• Work instruction
Please copy every record below exactly, but leave the pictures out.

====== Records for the exercise ======

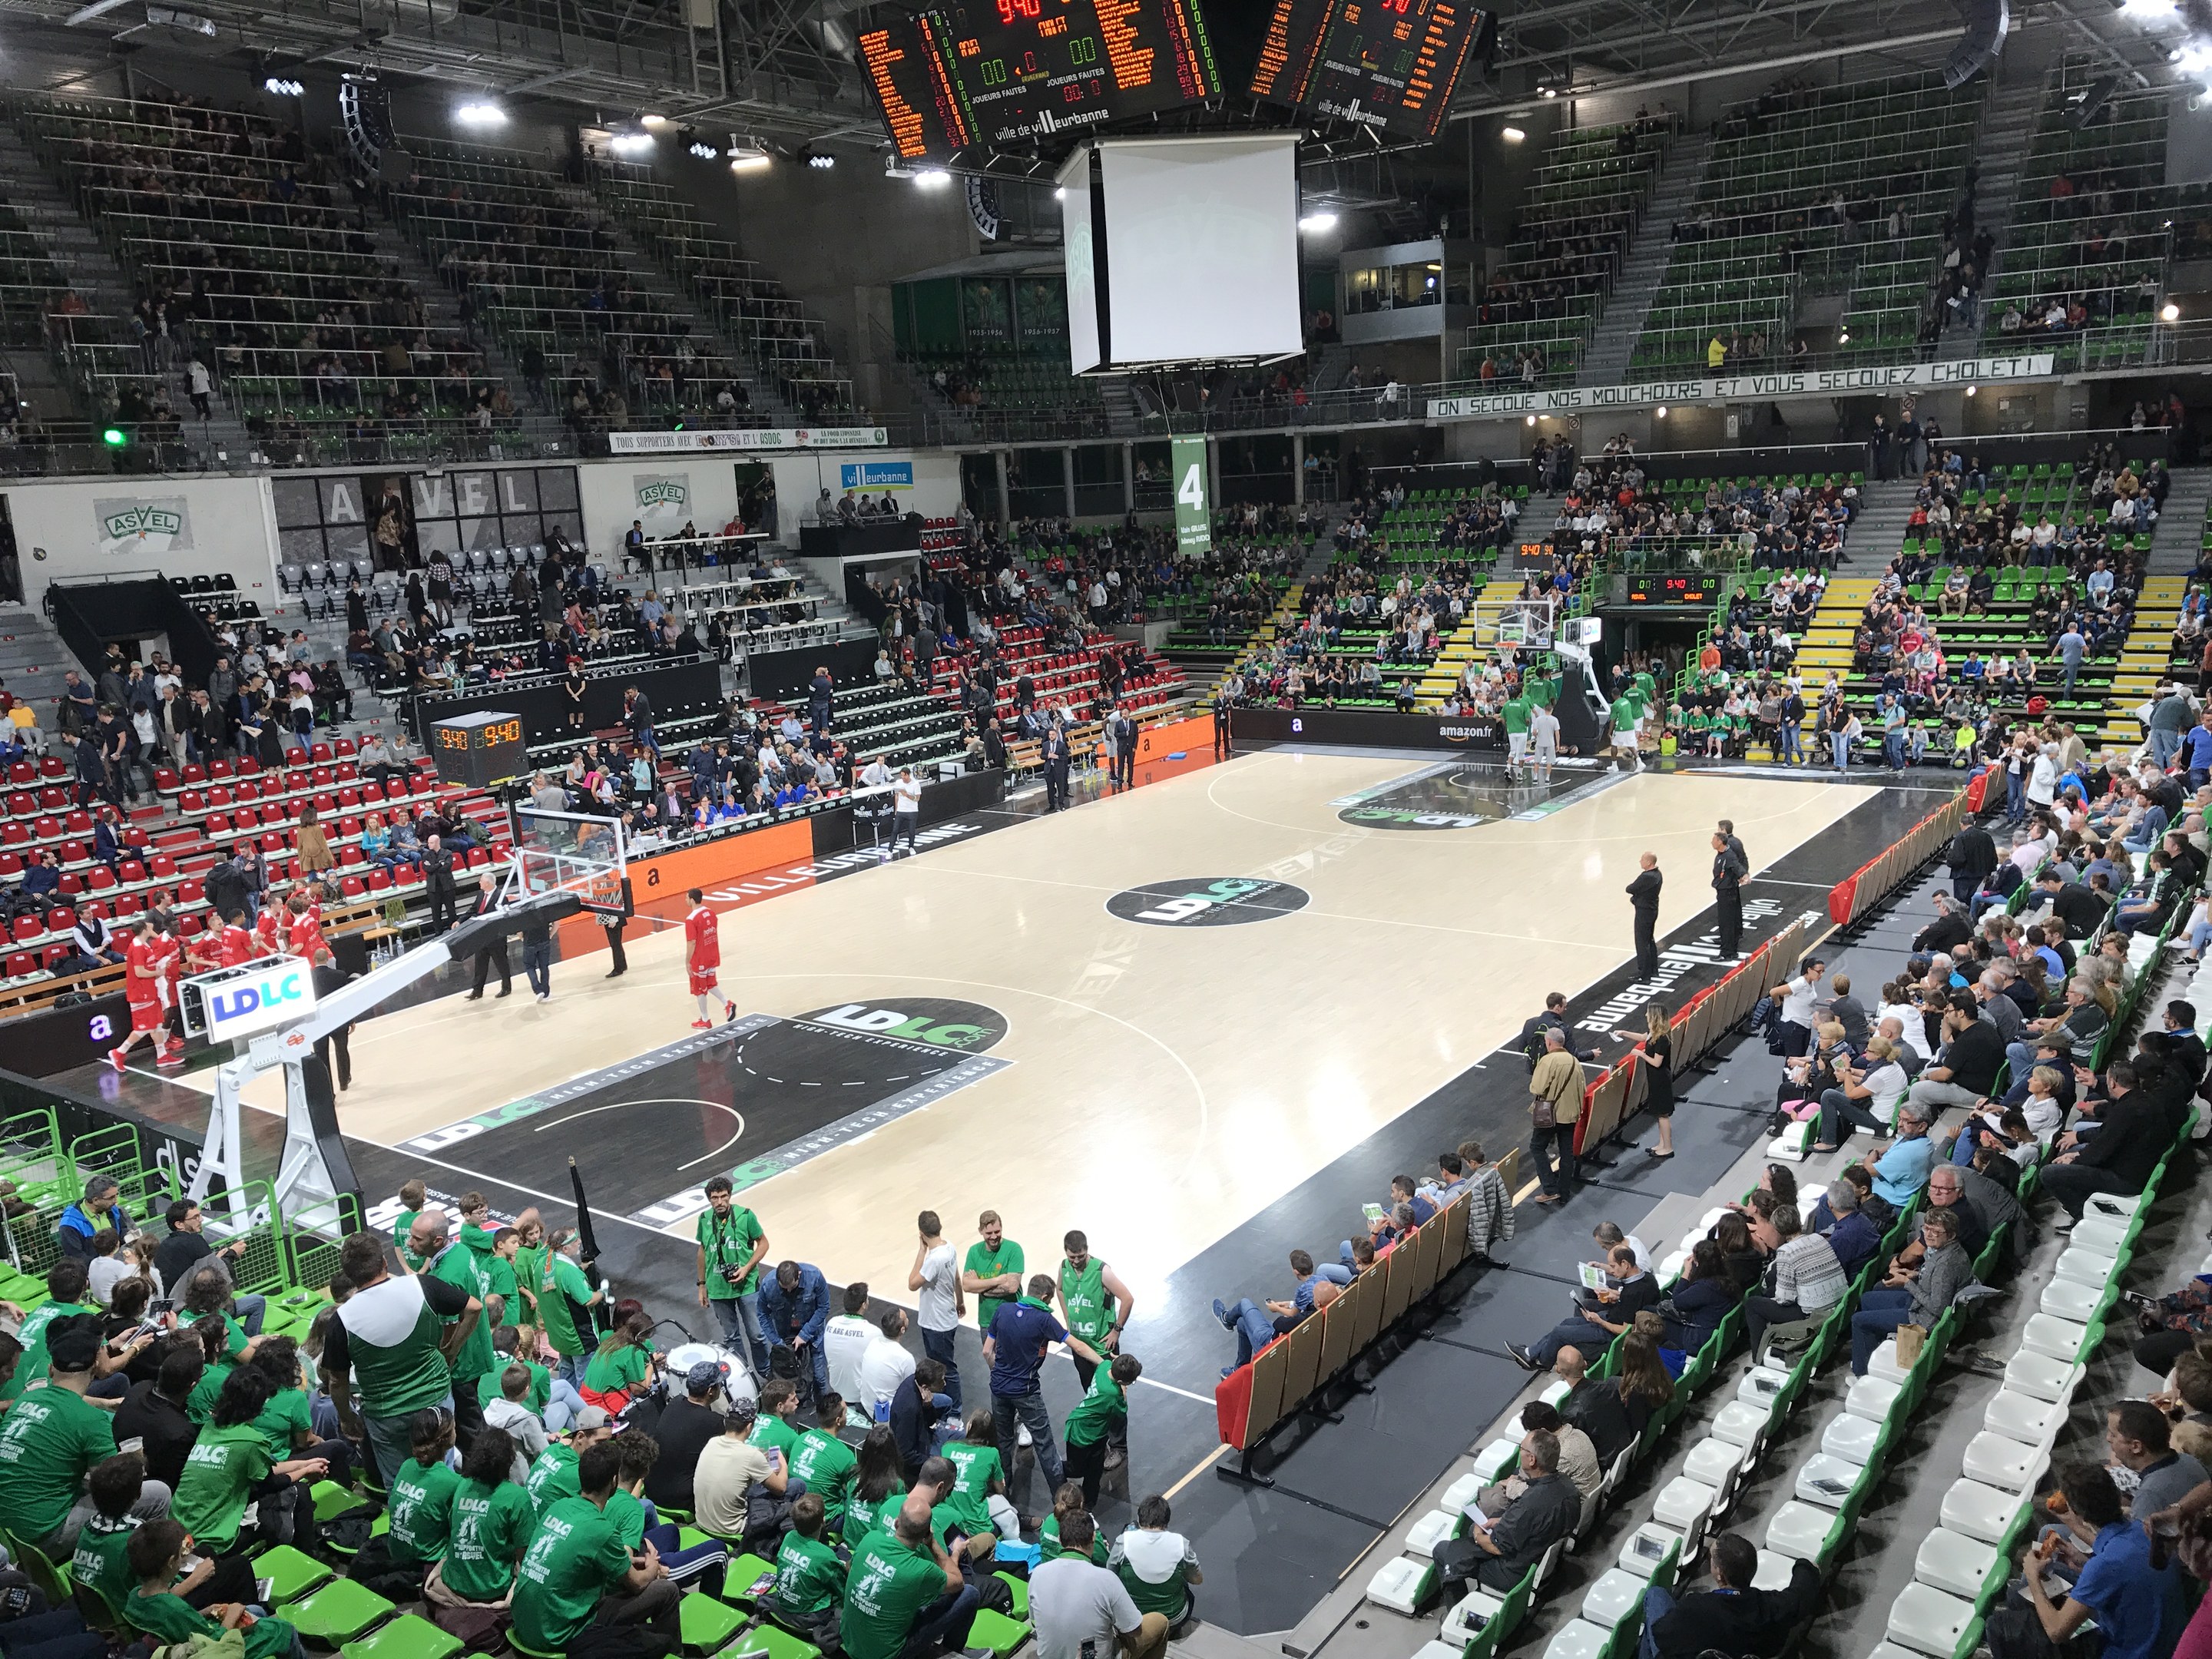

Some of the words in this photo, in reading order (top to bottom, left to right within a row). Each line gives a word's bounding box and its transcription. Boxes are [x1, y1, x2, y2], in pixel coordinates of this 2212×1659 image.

[1046, 74, 1077, 88] JOUEURS
[1078, 67, 1105, 80] FAUTES
[1324, 59, 1345, 72] JOUEURS
[1344, 65, 1361, 76] FAUTES
[1370, 73, 1389, 85] JOUEURS
[1389, 78, 1405, 89] FAUTES
[972, 90, 1002, 104] JOUEURS
[1002, 85, 1027, 98] FAUTES
[1318, 99, 1333, 114] ville
[1333, 103, 1342, 114] de
[1341, 98, 1388, 127] villeurbanne
[995, 127, 1015, 141] ville
[1018, 124, 1030, 137] de
[1032, 108, 1110, 134] villeurbanne
[1439, 400, 1459, 416] ON
[1470, 395, 1535, 414] SECOUE
[1547, 390, 1581, 409] NOS
[1592, 382, 1701, 403] MOUCHOIRS
[1715, 379, 1740, 396] ET
[1752, 376, 1805, 394] VOUS
[1819, 368, 1917, 390] SECOUEZ
[615, 436, 634, 449] TOUS
[636, 435, 675, 449] SUPPORTERS
[677, 435, 692, 447] AVEC
[743, 435, 750, 445] ET
[847, 465, 907, 486] villeurbanne
[645, 481, 681, 501] ASVEL
[1178, 464, 1203, 510] 4
[114, 505, 174, 532] ASVEL
[1702, 579, 1715, 589] 00
[1292, 717, 1303, 732] a
[1439, 724, 1493, 738] amazon.fr
[1143, 737, 1151, 752] a
[1359, 810, 1484, 828] LDLC
[647, 867, 661, 887] a
[1134, 881, 1260, 922] LDLC
[213, 973, 302, 1023] LDLC
[89, 1015, 112, 1041] a
[813, 1004, 984, 1045] LDLC
[954, 1028, 998, 1049] .com
[792, 1023, 864, 1042] HIGH-TECH
[865, 1037, 949, 1058] EXPERIENCE
[409, 1097, 541, 1151] LDLC
[550, 1057, 657, 1101] HIGH-TECH
[661, 1015, 768, 1061] EXPERIENCE
[783, 1108, 889, 1160] HIGH-TECH
[892, 1060, 998, 1110] EXPERIENCE
[1068, 1293, 1094, 1308] ASVEL
[832, 1328, 845, 1336] ARE
[844, 1330, 865, 1338] ASVEL
[803, 1434, 826, 1451] LDLC
[950, 1451, 975, 1462] LDLC
[396, 1479, 424, 1498] LDLC
[458, 1498, 488, 1512] LDLC
[542, 1515, 571, 1537] LDLC
[783, 1547, 809, 1566] LDLC
[865, 1552, 894, 1575] LDLC
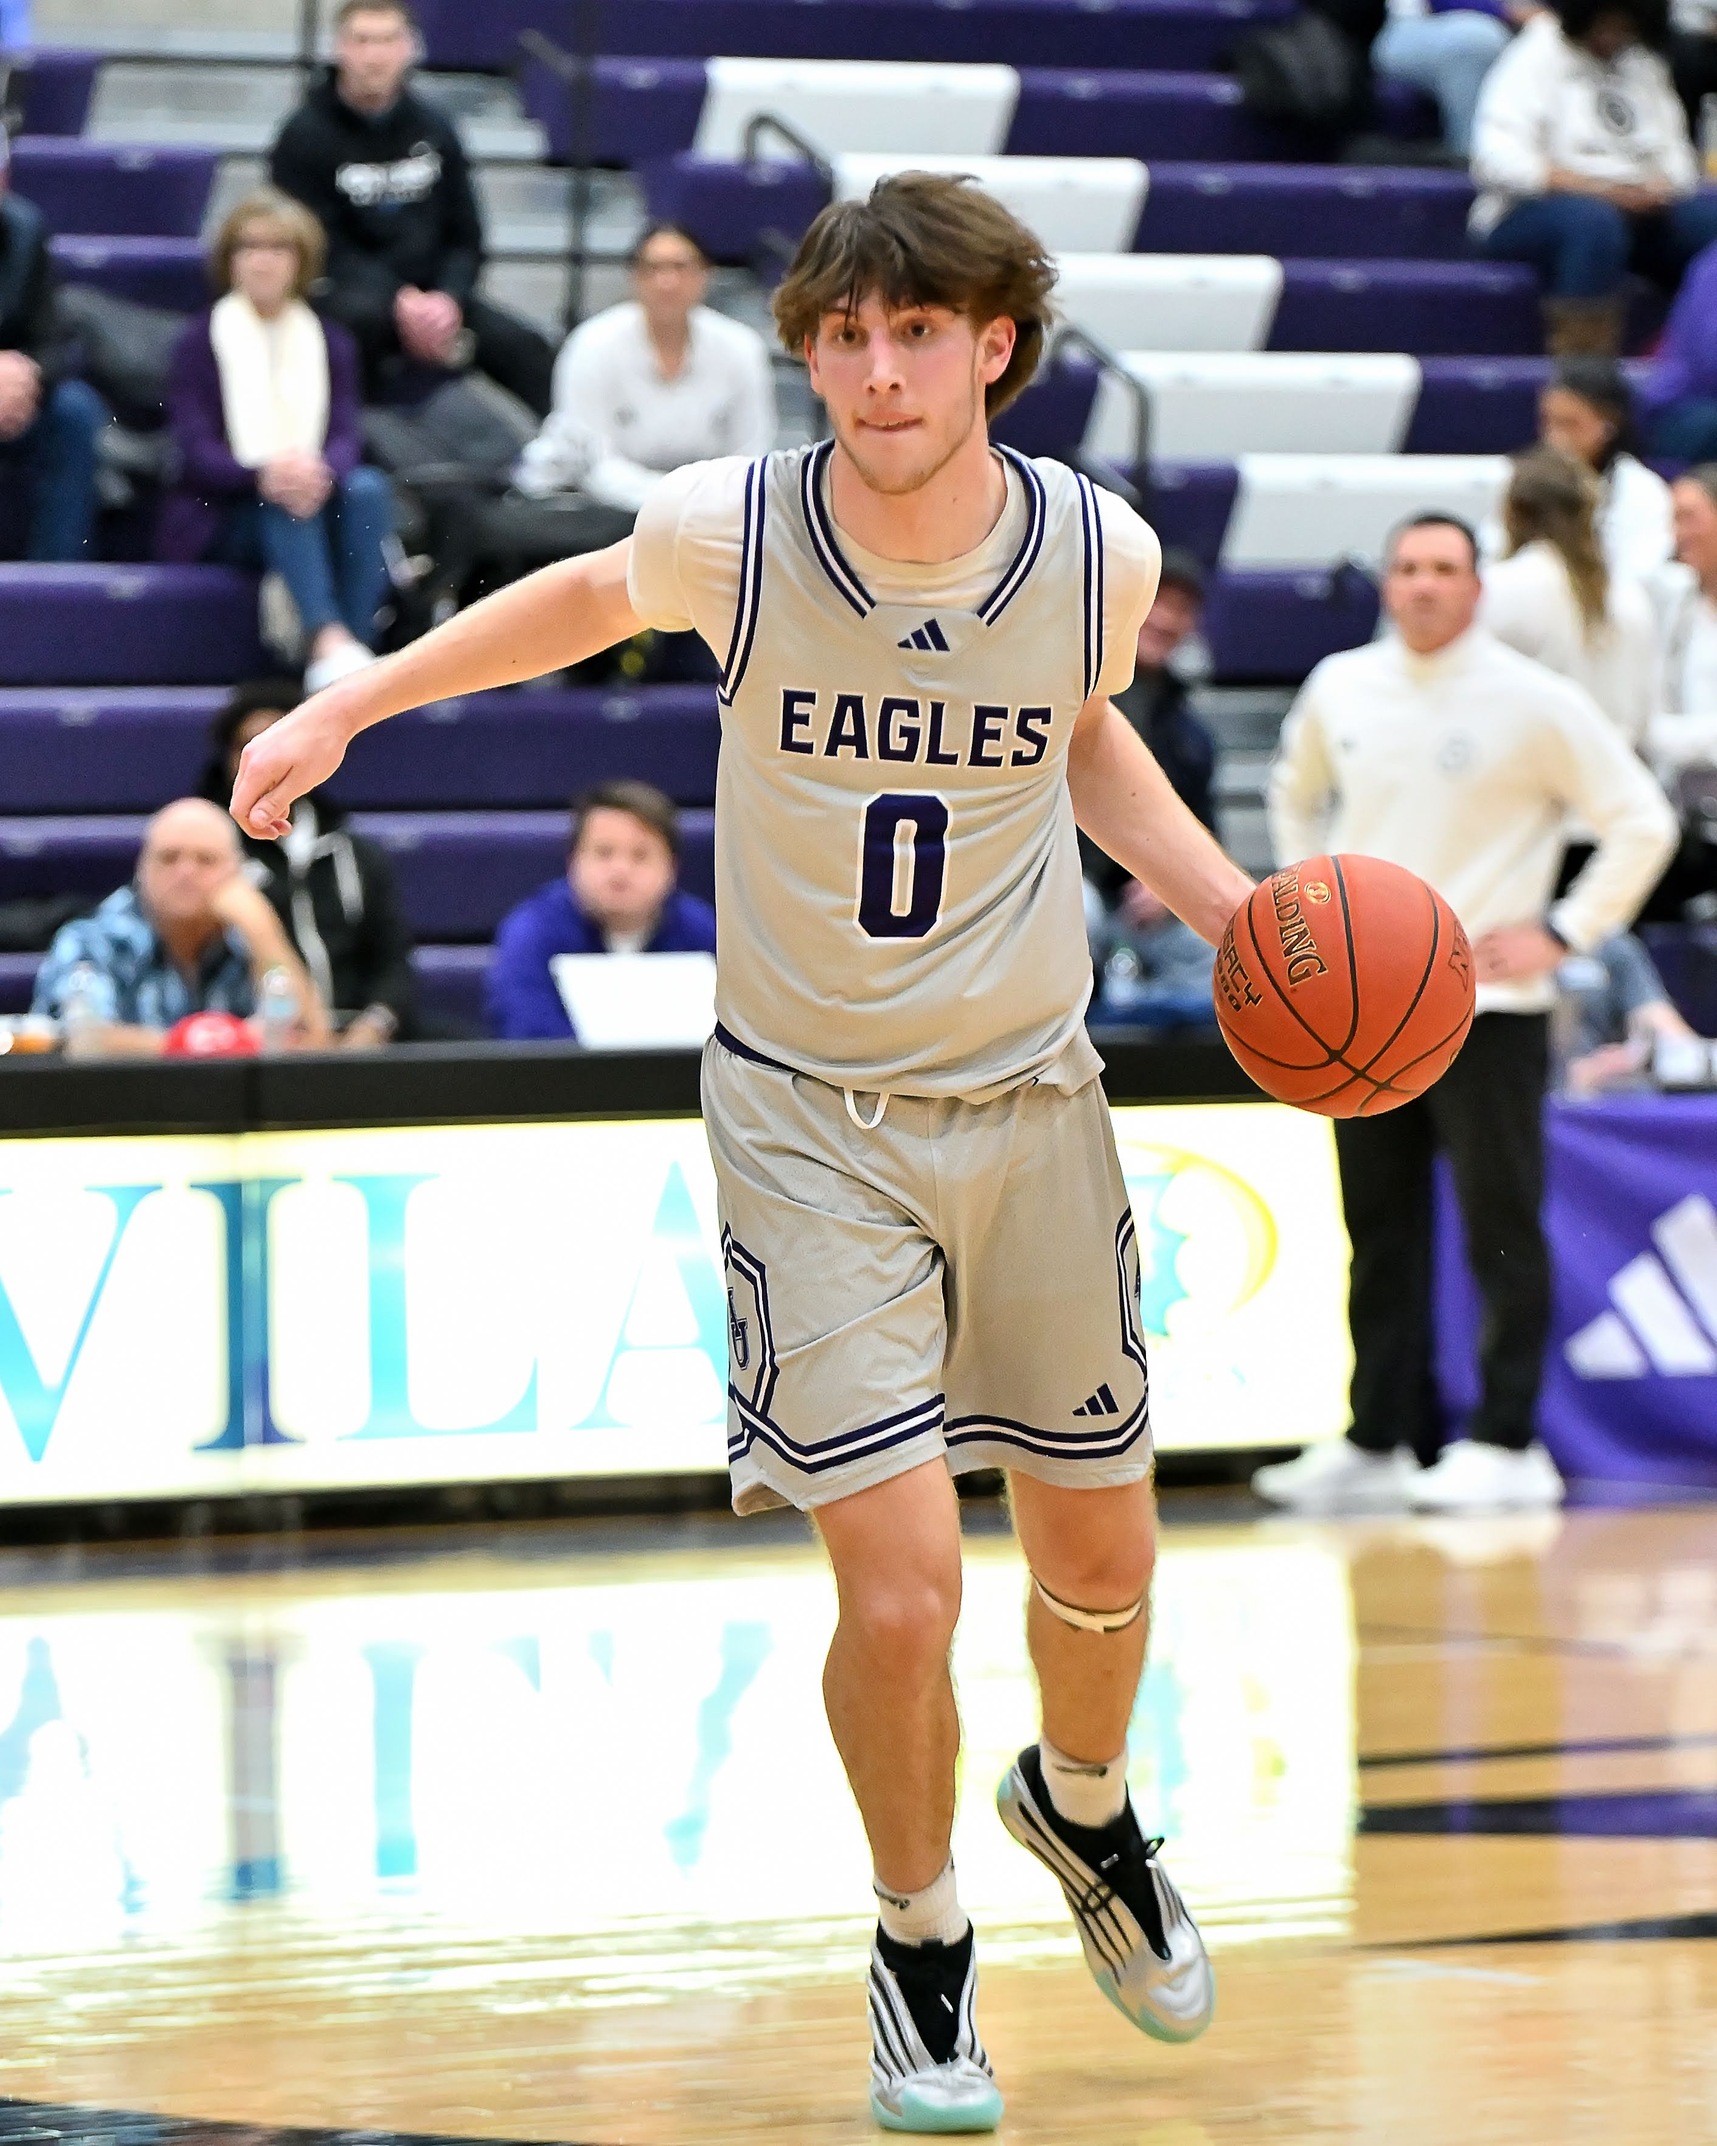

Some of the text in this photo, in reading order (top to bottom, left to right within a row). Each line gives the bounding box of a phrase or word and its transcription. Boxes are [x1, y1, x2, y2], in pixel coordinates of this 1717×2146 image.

[779, 686, 1054, 768] EAGLES
[853, 788, 951, 941] 0
[1270, 860, 1327, 987] PALDING

======

• Result for this task
Some of the words in this photo, in reading order (top to bottom, left to right within a row). Each line gives a word's bounding box and its transcription. Boxes are [x1, y1, x2, y2], in pixel coordinates of this 2212×1659 image.

[1046, 74, 1077, 88] JOUEURS
[1078, 67, 1105, 80] FAUTES
[1324, 59, 1345, 72] JOUEURS
[1344, 65, 1361, 76] FAUTES
[1370, 73, 1389, 85] JOUEURS
[1389, 78, 1405, 89] FAUTES
[972, 90, 1002, 104] JOUEURS
[1002, 85, 1027, 98] FAUTES
[1318, 99, 1333, 114] ville
[1333, 103, 1342, 114] de
[1341, 98, 1388, 127] villeurbanne
[995, 127, 1015, 141] ville
[1018, 124, 1030, 137] de
[1032, 108, 1110, 134] villeurbanne
[1439, 400, 1459, 416] ON
[1470, 395, 1535, 414] SECOUE
[1547, 390, 1581, 409] NOS
[1592, 382, 1701, 403] MOUCHOIRS
[1715, 379, 1740, 396] ET
[1752, 376, 1805, 394] VOUS
[1819, 368, 1917, 390] SECOUEZ
[615, 436, 634, 449] TOUS
[636, 435, 675, 449] SUPPORTERS
[677, 435, 692, 447] AVEC
[743, 435, 750, 445] ET
[847, 465, 907, 486] villeurbanne
[645, 481, 681, 501] ASVEL
[1178, 464, 1203, 510] 4
[114, 505, 174, 532] ASVEL
[1702, 579, 1715, 589] 00
[1292, 717, 1303, 732] a
[1439, 724, 1493, 738] amazon.fr
[1143, 737, 1151, 752] a
[1359, 810, 1484, 828] LDLC
[647, 867, 661, 887] a
[1134, 881, 1260, 922] LDLC
[213, 973, 302, 1023] LDLC
[89, 1015, 112, 1041] a
[813, 1004, 984, 1045] LDLC
[954, 1028, 998, 1049] .com
[792, 1023, 864, 1042] HIGH-TECH
[865, 1037, 949, 1058] EXPERIENCE
[409, 1097, 541, 1151] LDLC
[550, 1057, 657, 1101] HIGH-TECH
[661, 1015, 768, 1061] EXPERIENCE
[783, 1108, 889, 1160] HIGH-TECH
[892, 1060, 998, 1110] EXPERIENCE
[1068, 1293, 1094, 1308] ASVEL
[832, 1328, 845, 1336] ARE
[844, 1330, 865, 1338] ASVEL
[803, 1434, 826, 1451] LDLC
[950, 1451, 975, 1462] LDLC
[396, 1479, 424, 1498] LDLC
[458, 1498, 488, 1512] LDLC
[542, 1515, 571, 1537] LDLC
[783, 1547, 809, 1566] LDLC
[865, 1552, 894, 1575] LDLC

Some of the text in this photo, in reading order (top to bottom, left to right within a row). Each line gives the bounding box of a phrase or word and its transcription. Boxes are [x1, y1, x2, y2], in pixel coordinates of this 1717×2146 image.

[779, 686, 1054, 768] EAGLES
[853, 788, 951, 941] 0
[1270, 860, 1327, 987] PALDING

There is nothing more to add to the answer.